In times like these- times when we feel trapped by all the things we can’t do, and times when the things we need to do aren’t the things we want to do- it’s easy to feel like we’ve lost control. And for a lot of people, that’s a really scary feeling.

Humans crave control. It makes us feel safe, and happy, and comfortable. So what can we do when it feels like everything is out of our hands?

#1. Distraction

A short term solution to feeling out-of-control and upset about the circumstances is to distract yourself. Watch a funny tv show, listen to music, take a shower, go for a walk, or find another activity to focus your attention on. Sometimes just giving yourself 20 minutes to do something fun or entertaining is enough to make you more relaxed and less upset about the situation.

#2. Call someone!

Just because we can’t see our friends and family doesn’t mean they aren’t there. And I know that texting and facetime aren’t the same as in-person interactions, but it’s the best we can do right now. Reach out to people you don’t normally talk to. People whom you’d only talk to at school or work. Try texting them a quick “hi” and ask how they are. Because maybe talking to you during class or at lunch was one of the highlights of their day, and now that they don’t see you, it’s gone. Even though we can’t be close to each other, our relationships are not out of our control. They may look different for the time being, but we can still support each other and spend time with friends and family from a distance.

#3. Learn something new

Right now, it’s easy to come up with a list of activities we can’t do. We can’t play team sports, or go to the gym, or have concerts and other events, or do a lot of our usual activities. It’s upsetting to put these things on “hold,” especially when we are used to devoting so much time to them. But we can still exercise, and listen to music, and create artwork in safe ways. Doing a home workout isn’t as fun as playing in a soccer game with your team, but it’s still exercise! If you are able to, find a new activity or skill to learn. Maybe try a new type of workout, or learn how to draw something, or make playlists for your friends. Think about all of those things that you’ve wanted to learn or do in the past, and pick one or two to fill the spot of an activity you can’t do right now. It might not be as fun as the activities you want to be doing, but trying something different is better than doing nothing at all. And you might surprise yourself with the new things you enjoy!

#4. Step back

It’s frustrating to live in a world of “can’t.” It’s upsetting to have events canceled and celebrations missed. It’s sad to miss out on experiences we expected to have. But it’s important to remember that these rules and precautions aren’t in place to make us suffer. They exist to protect us and the millions of people who are especially vulnerable right now. So when you feel upset and like you’ve lost control, take a step back. Acknowledge your feelings, because they’re valid. But then think about why the situation is the way it is. Think about all of the people you are protecting by following precautions. And realize that there are millions of people who, for various reasons, have always lived in a world of “can’t.” They’ve always had to wear masks, and avoid crowds, and miss out on events and experiences because of circumstances they can’t control. And when this pandemic is over, they still will. So take a minute or two to step back and think about these people. Think about how our actions affect them. It’s hard to have to live in a way so different than we’re used to. But it’s possible. And it’s worth it for the people we are keeping safe.

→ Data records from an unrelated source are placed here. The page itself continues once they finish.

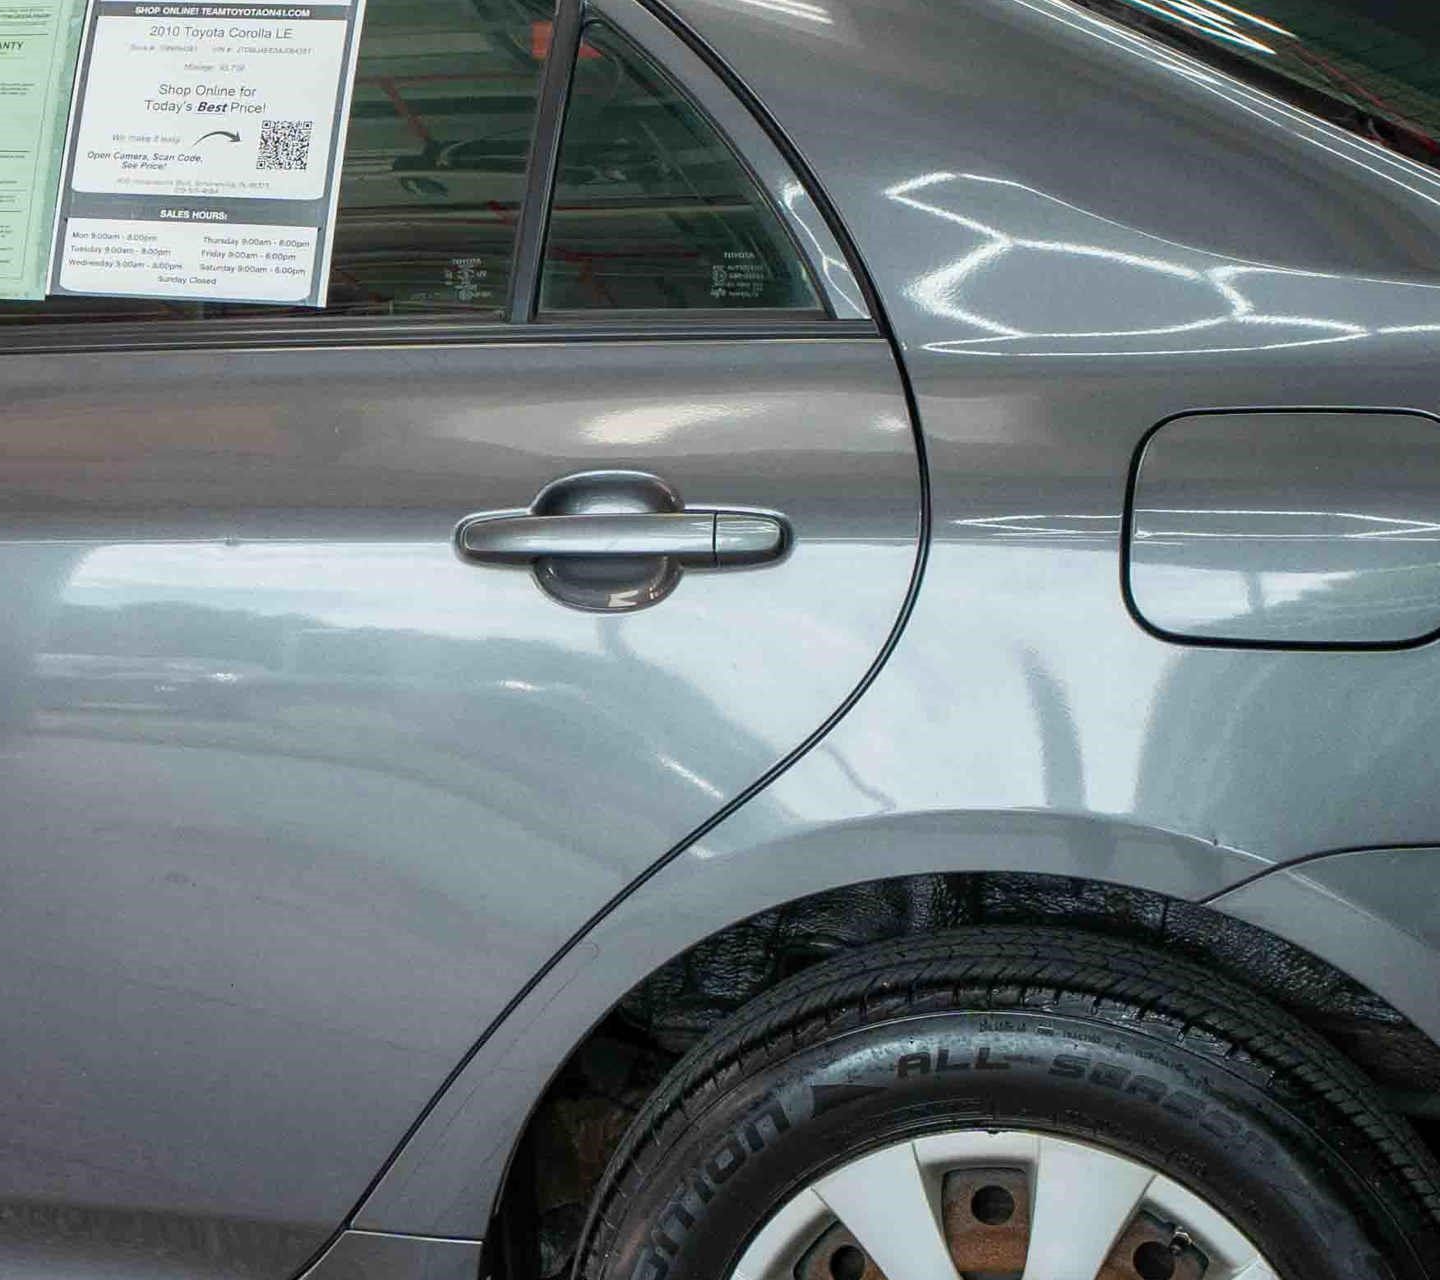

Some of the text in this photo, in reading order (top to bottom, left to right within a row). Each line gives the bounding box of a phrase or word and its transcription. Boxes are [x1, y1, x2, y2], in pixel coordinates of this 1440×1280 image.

[135, 6, 161, 15] SHOP
[162, 7, 199, 16] ONLINE!
[149, 25, 293, 40] 2010 Toyota Corolla LE
[158, 84, 257, 99] Shop Online for
[143, 100, 267, 114] Today's Best Price!
[87, 151, 111, 162] Open
[152, 153, 175, 162] Scan
[121, 161, 138, 169] See
[160, 209, 227, 220] SALES HOURS:
[203, 236, 239, 246] Thursday
[71, 245, 101, 254] Tuesday
[201, 250, 226, 259] Friday
[157, 275, 217, 285] Sunday Closed
[896, 1046, 1012, 1080] ALL
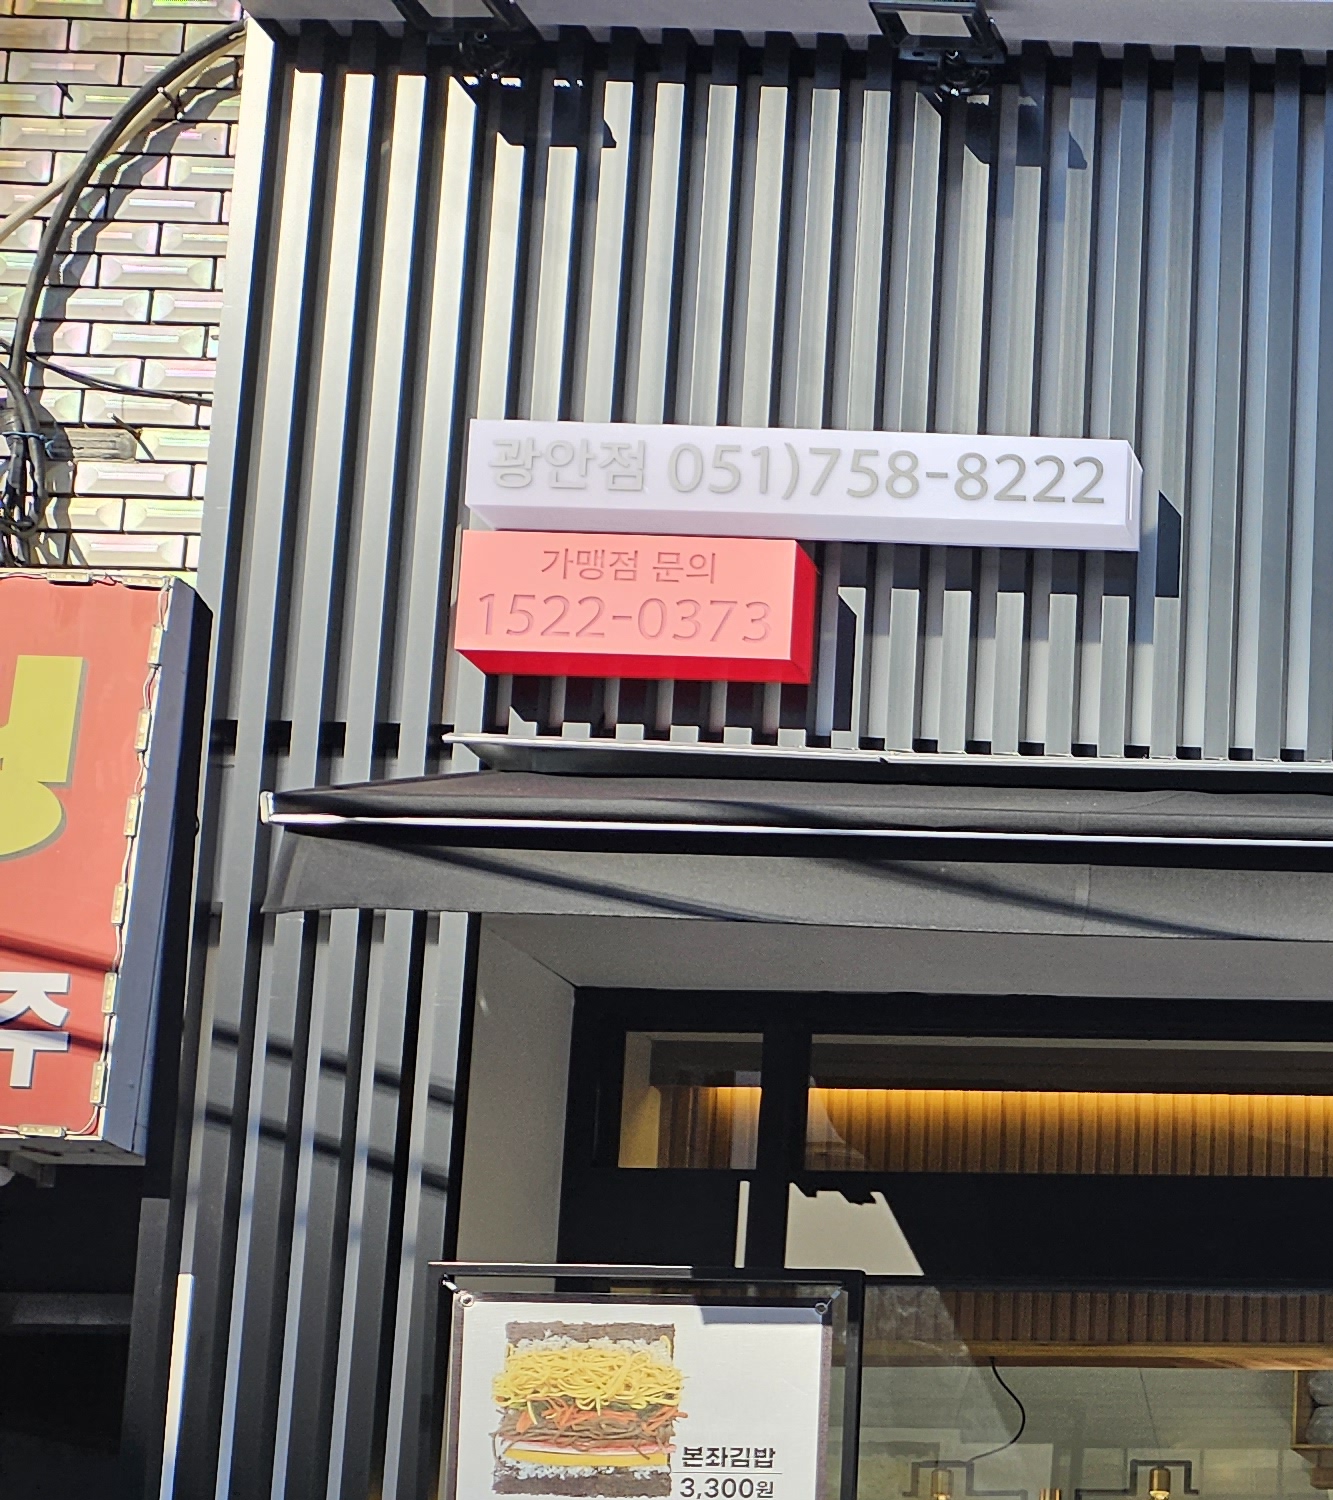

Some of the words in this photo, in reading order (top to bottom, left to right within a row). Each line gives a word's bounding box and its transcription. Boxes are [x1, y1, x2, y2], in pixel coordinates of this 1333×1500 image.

[489, 436, 648, 492] 광안점
[667, 442, 1106, 504] 051)758-8222
[541, 546, 639, 583] 가맹점
[652, 549, 717, 585] 문의
[477, 591, 772, 645] 1522-0373
[681, 1446, 777, 1469] 본좌김밥
[680, 1478, 775, 1500] 3,300원

These circumstances are challenging. It’s ok to be frustrated by them. It’s ok to feel sad about things we won’t get to do, people we won’t get to see, and places we won’t get to go. But it’s also important to remember that right now, it’s not just about us. We aren’t just staying home to protect ourselves; we’re doing it to protect everyone. So right now, as we navigate this new world of “can’t,” let’s not think of it like that. Yes, there are numerous things we can’t do, or see, or experience. But there are still so many that we can. So the next time you’re angry, overwhelmed, or feeling lost and out of control, ask yourself, “what can I do?” We may have lost control of where we can go and what we can do, but we haven’t lost who we are. So try your best to focus on the “can’s,” even if they seem small. I promise you’ll feel a lot better.

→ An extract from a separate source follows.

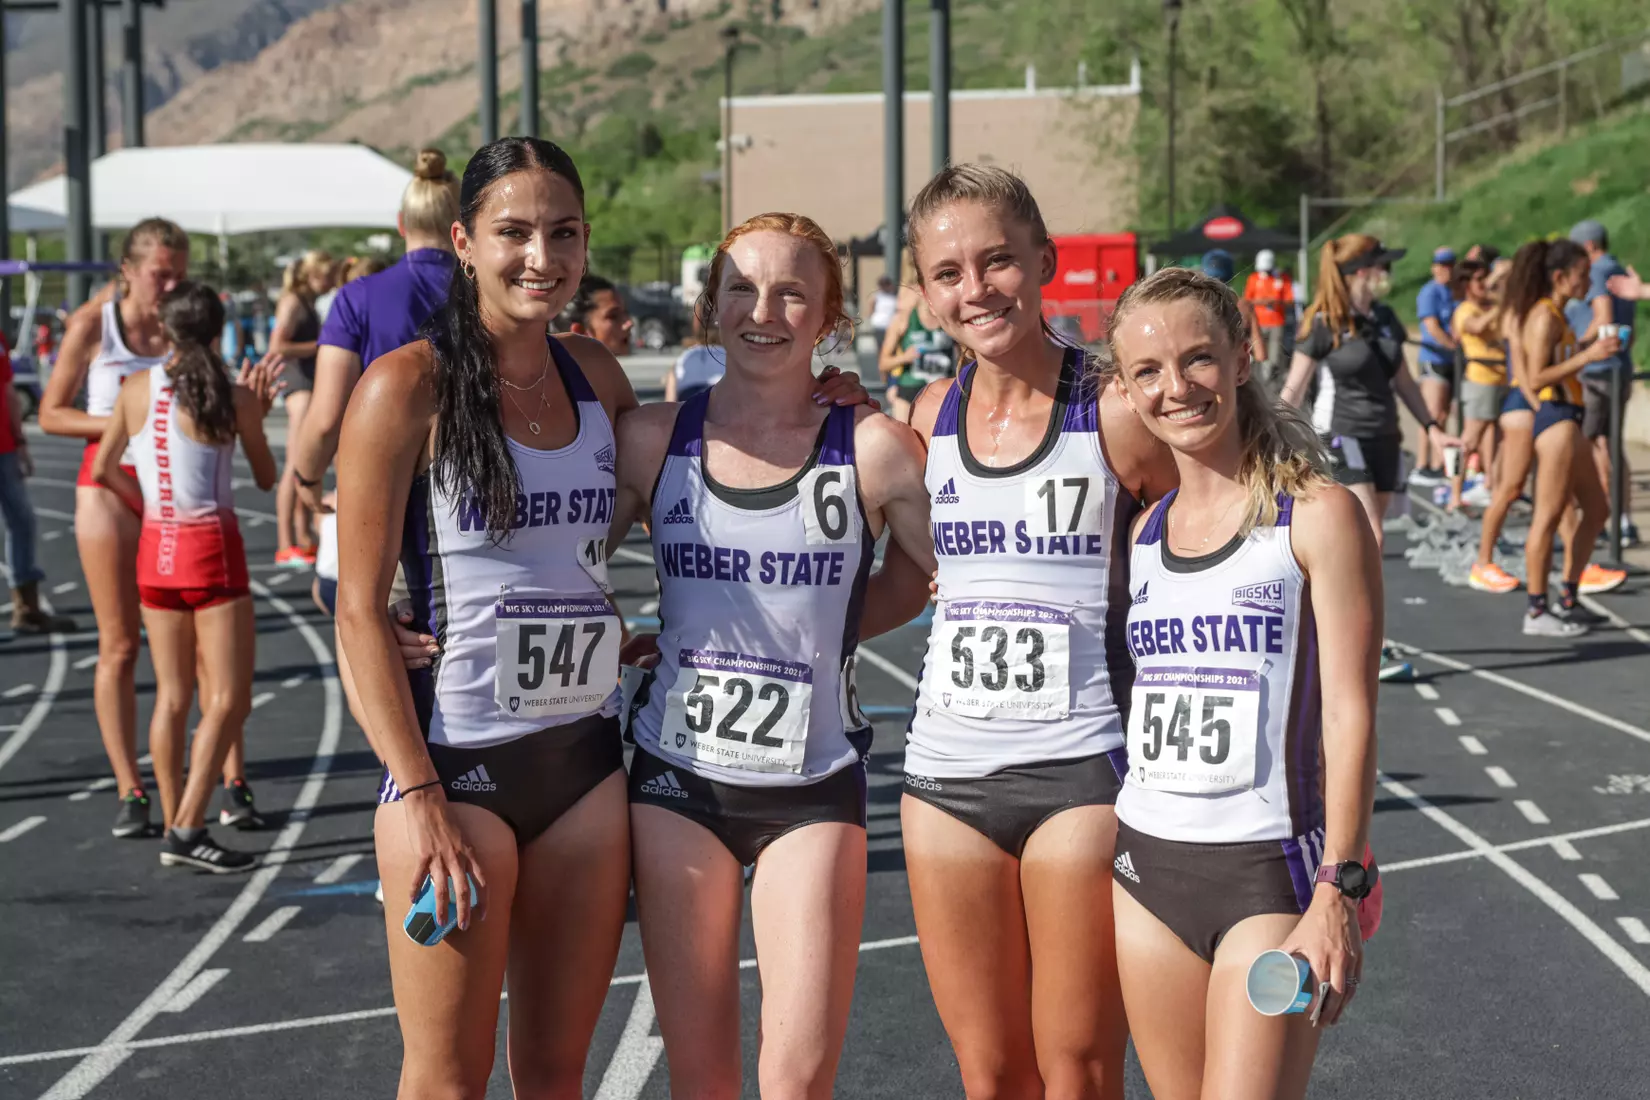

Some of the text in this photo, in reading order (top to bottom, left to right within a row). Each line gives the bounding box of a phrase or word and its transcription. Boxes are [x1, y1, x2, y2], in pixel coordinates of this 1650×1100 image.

Will we ever know what’s right?

“Will we ever know what’s right?”

I heard this question in a song the other day, and ever since I’ve been trying to answer it. Does analyzing song lyrics and posting it online make me crazy? Maybe. But I’m hoping my thoughts can give you the peace of mind you might be searching for during these unforeseen times.

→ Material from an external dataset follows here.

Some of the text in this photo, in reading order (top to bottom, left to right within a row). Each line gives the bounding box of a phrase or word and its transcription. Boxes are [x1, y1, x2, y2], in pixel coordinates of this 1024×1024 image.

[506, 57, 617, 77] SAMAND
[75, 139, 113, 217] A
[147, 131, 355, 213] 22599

Sometimes it’s easy to know what’s right. On a multiple choice test, you know one of the choices has to be right. When you make brownies, the recipe has a list of the right ingredients and the right amounts of them. But when we don’t have 4 options to choose from or we don’t know what the outcome will be, knowing what’s right can seem like an impossible task.

When I think about impossible tasks, I’m reminded of an experience I recently had. A few months ago, I asked my doctor if there was a way to reduce the side effects I felt from my medicine. She said I could stop taking my current medication and switch to a different one (with its own list of side effects), or I could keep everything the same. On paper, it seems like a simple decision. Switch, or don’t switch. But that basic question came with dozens of “what if’s” that made the choice seem impossible. Would the new medicine work? Would it work for a long time? Would I get the same side effects? Would I get even more side effects? Would I feel the same? Better? Worse? What if something bad happened? Would it be my fault? It felt unfair that I was expected to make this choice when I didn’t know the consequences of each side. And I felt like I needed to know those consequences so that I could pick the “right” option.

Of course, that experience itself is nothing like a global pandemic. But the feelings of confusion, the countless “what if’s”, the realization that we can’t always know what will happen, and the fear of not being in control-the things that I felt in that moment-are the same things afflicting us right now.

Currently, as we sit at home in quarantine, not knowing what the future looks like, it’s easy to get caught up in the stress of figuring out what’s “right.” Is it more right to wear a mask to the grocery store or to give it to a healthcare worker? Is it more right to support a restaurant or stay at home and cook? Is it more right to cancel plans for next month or hope that they will work out? As I mentioned in my story above, it’s very easy to get caught up in these questions and fill yourself with worry and fear. So in times like these, we have to take a step back. We have to accept the fact that sometimes, we can’t control or even foresee what’s going to happen in the future. We have to realize that sometimes, we won’t know what’s right. But that doesn’t mean our only options are panic or shut down.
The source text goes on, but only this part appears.